One Lens for a Week: NIKKOR Z 24-120mm f/4 S
The one-lens travel constraint is a discipline, not a deprivation. It forces compositional decisions that a bag of primes defers indefinitely: you cannot choose the longer lens, so you move closer. You cannot choose the wider lens, so you find a position with more depth. The NIKKOR Z 24-120mm f/4 S is the lens that makes this constraint comfortable rather than punishing.
At 24mm it is wide enough for interior spaces, architecture, and the scene-setting environmental frame. At 120mm it reaches into a crowd or across a table to isolate a detail. At f/4 constant through the range, you give up two stops relative to a fast prime at any equivalent focal length and gain the complete zoom range in exchange. In travel conditions with variable light, this means auto ISO manages the exposure gap while you manage the image.
On the Z8 or Zf, the 24-120mm S delivers optical quality across the zoom range that was unavailable in a constant-f/4 travel zoom in the DSLR era. The Z mount’s large diameter allows optical corrections that DSLR lenses with narrower flanges could not accommodate. Corner sharpness at 24mm — historically the weakest point of a wide-normal zoom — is genuinely good. At 120mm and f/4, the lens is performing well above what its zoom ratio and aperture suggest it should.

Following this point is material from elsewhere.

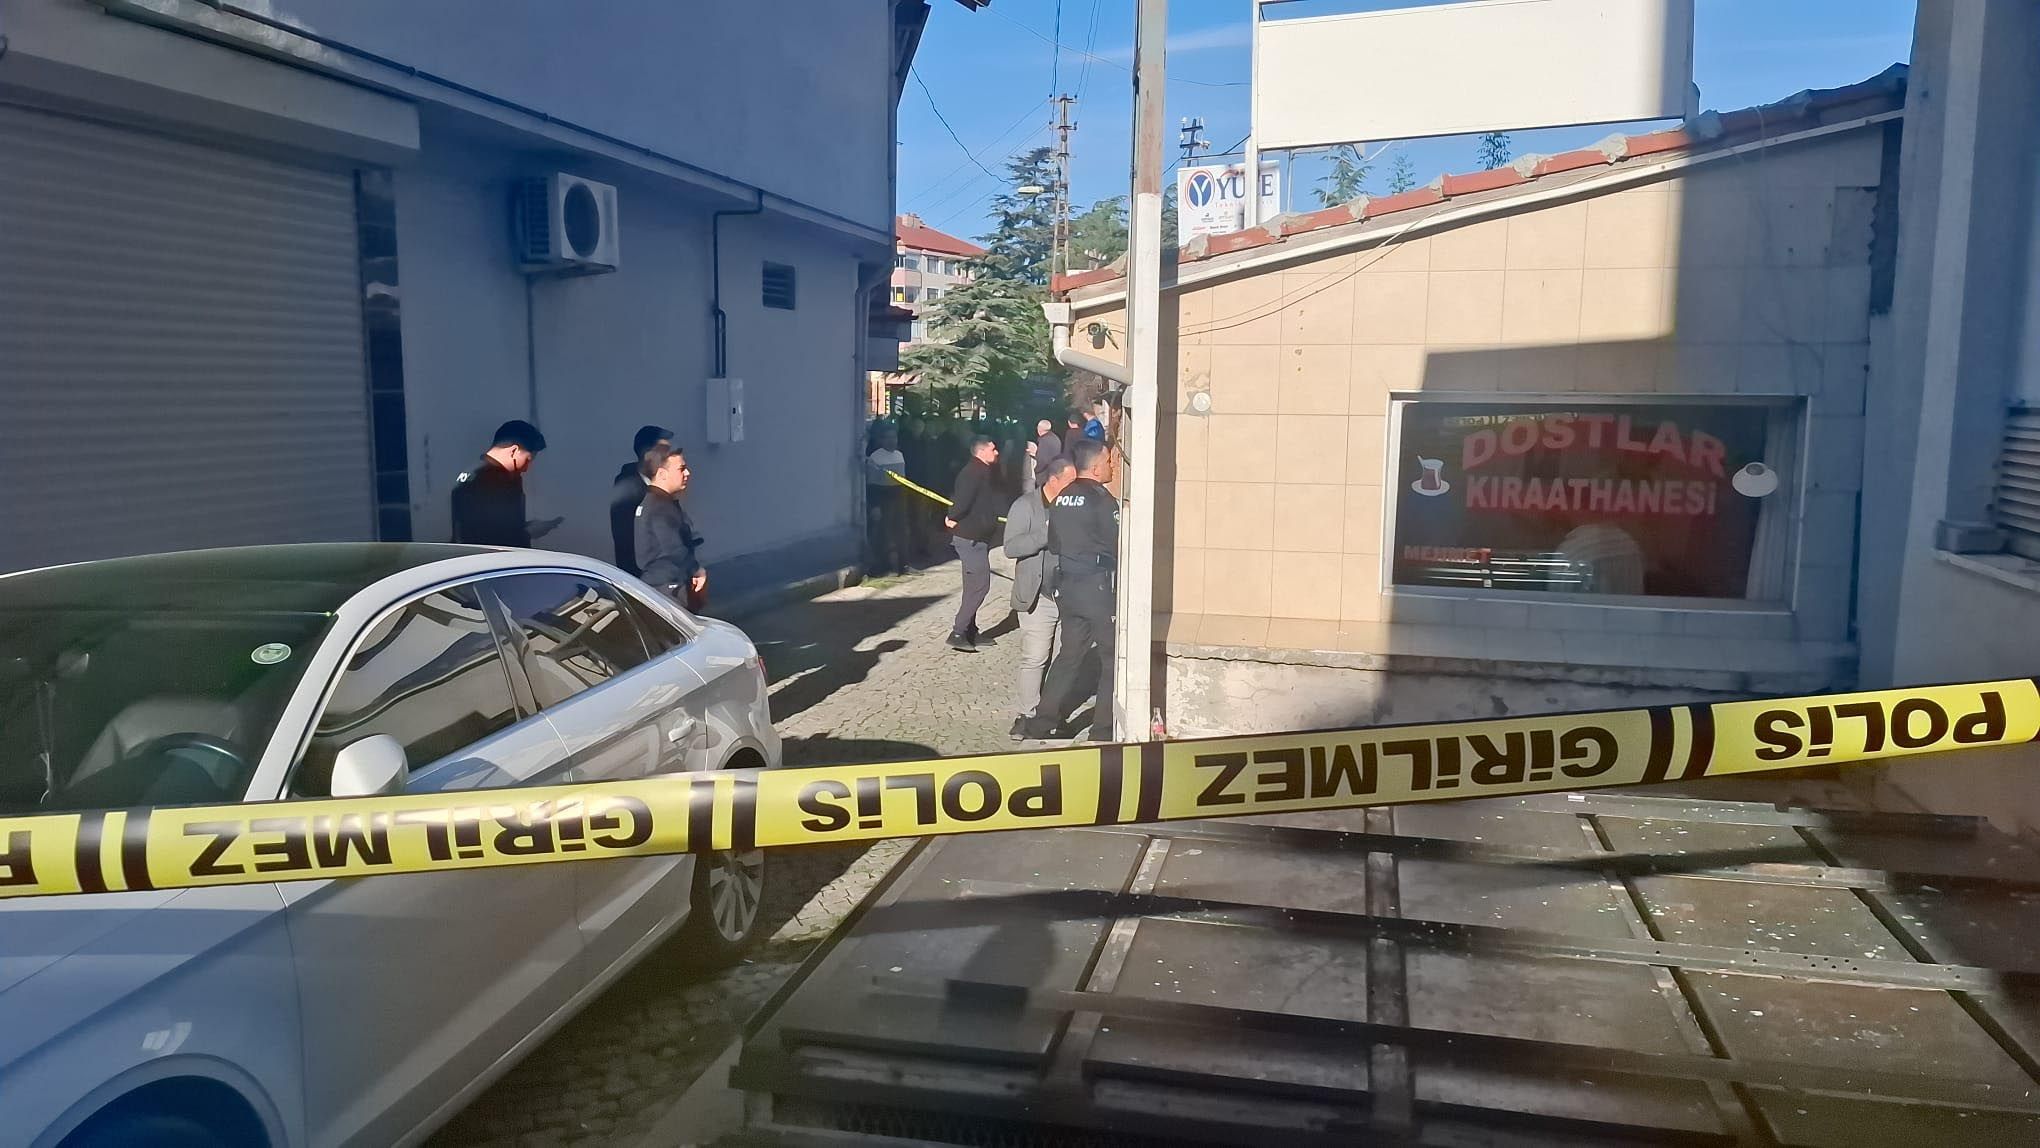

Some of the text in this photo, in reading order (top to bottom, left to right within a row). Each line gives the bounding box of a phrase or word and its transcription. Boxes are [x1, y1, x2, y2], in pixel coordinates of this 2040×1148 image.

The travel technique is segmented shooting: wide for context (24-35mm), normal for interaction and environmental portraits (50-70mm), short telephoto for compression and detail (85-120mm). The zoom range covers all three modes without a lens change. You move through these focal lengths as you move through a location, not as a substitute for moving your feet but as a refinement once your position is established.
One camera body in a shoulder bag with this lens produces less fatigue, less decision overhead, and fewer missed moments than two bodies and four lenses in a backpack. The best travel gear is the gear you do not notice carrying.